Below are the records; reproduce all of them exactly but without any images.

##### Material to process

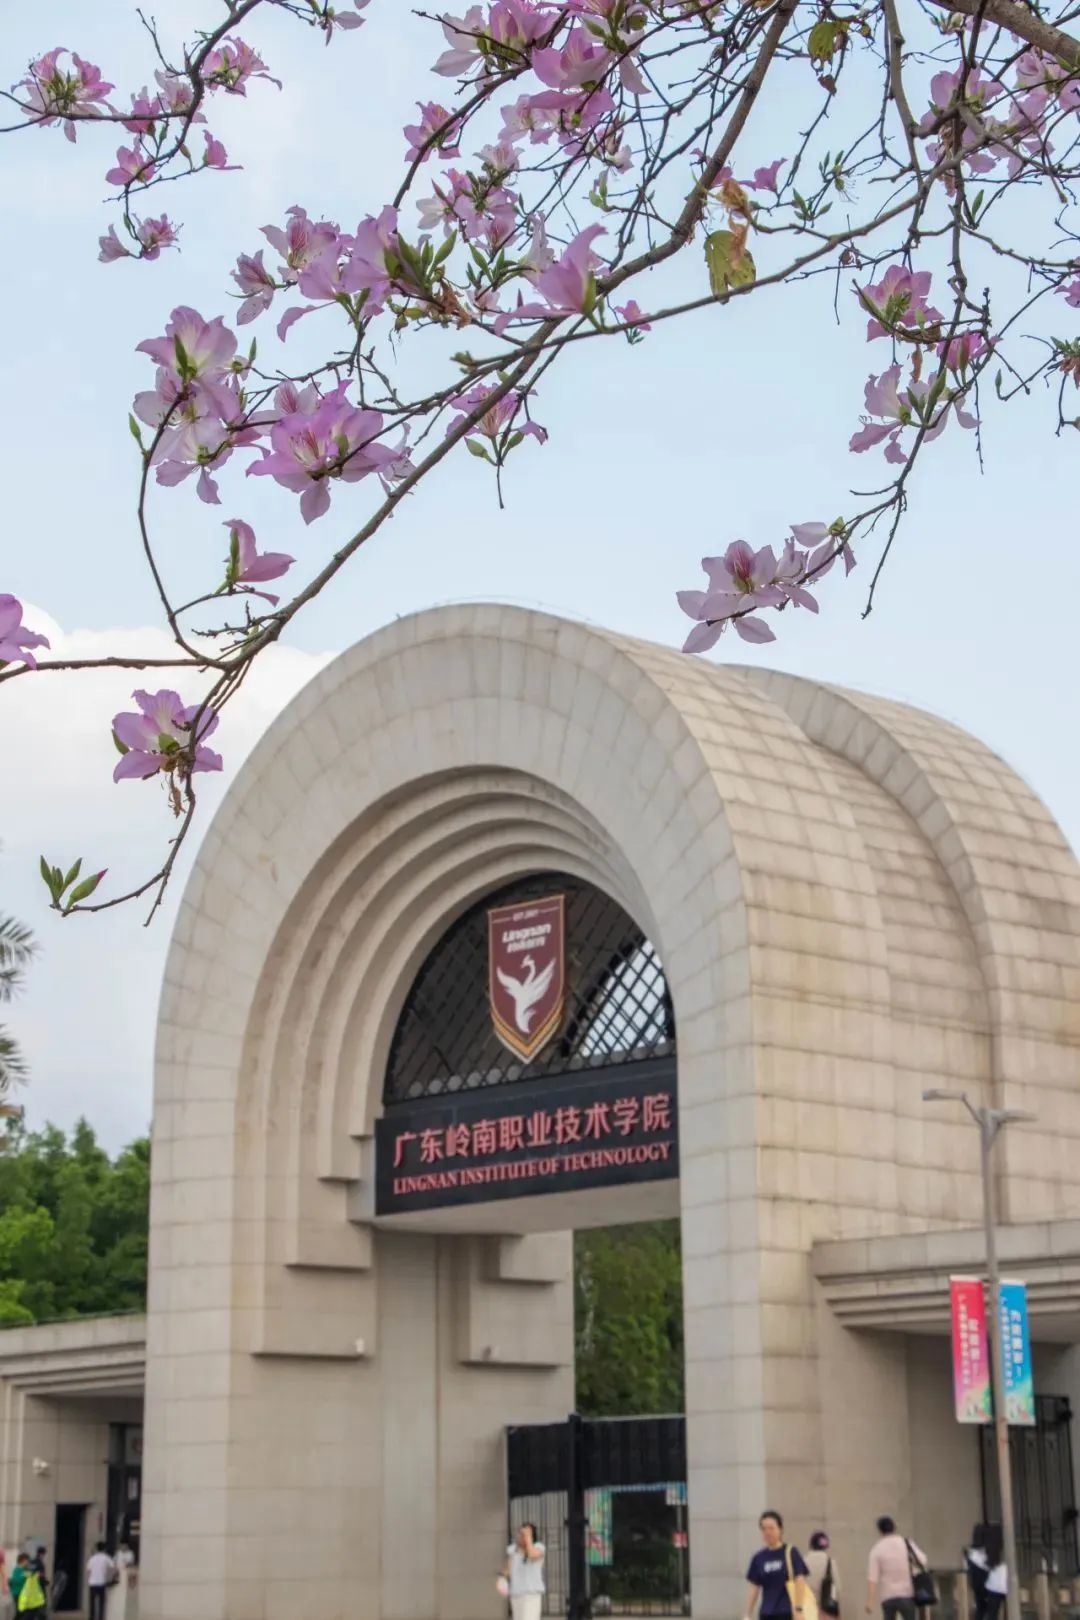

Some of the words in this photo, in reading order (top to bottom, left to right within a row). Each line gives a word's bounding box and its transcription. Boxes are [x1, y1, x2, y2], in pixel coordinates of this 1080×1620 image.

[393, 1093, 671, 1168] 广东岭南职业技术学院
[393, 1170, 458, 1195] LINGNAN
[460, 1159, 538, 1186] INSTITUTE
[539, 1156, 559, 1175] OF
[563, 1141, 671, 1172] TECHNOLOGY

##########

> _Exercise solution_
Some of the words in this photo, in reading order (top to bottom, left to right within a row). Each line gives a word's bounding box and its transcription. Boxes are [x1, y1, x2, y2], in pixel coordinates of this 1080×1620 image.

[393, 1093, 671, 1168] 广东岭南职业技术学院
[393, 1170, 458, 1195] LINGNAN
[460, 1159, 538, 1186] INSTITUTE
[539, 1156, 559, 1175] OF
[563, 1141, 671, 1172] TECHNOLOGY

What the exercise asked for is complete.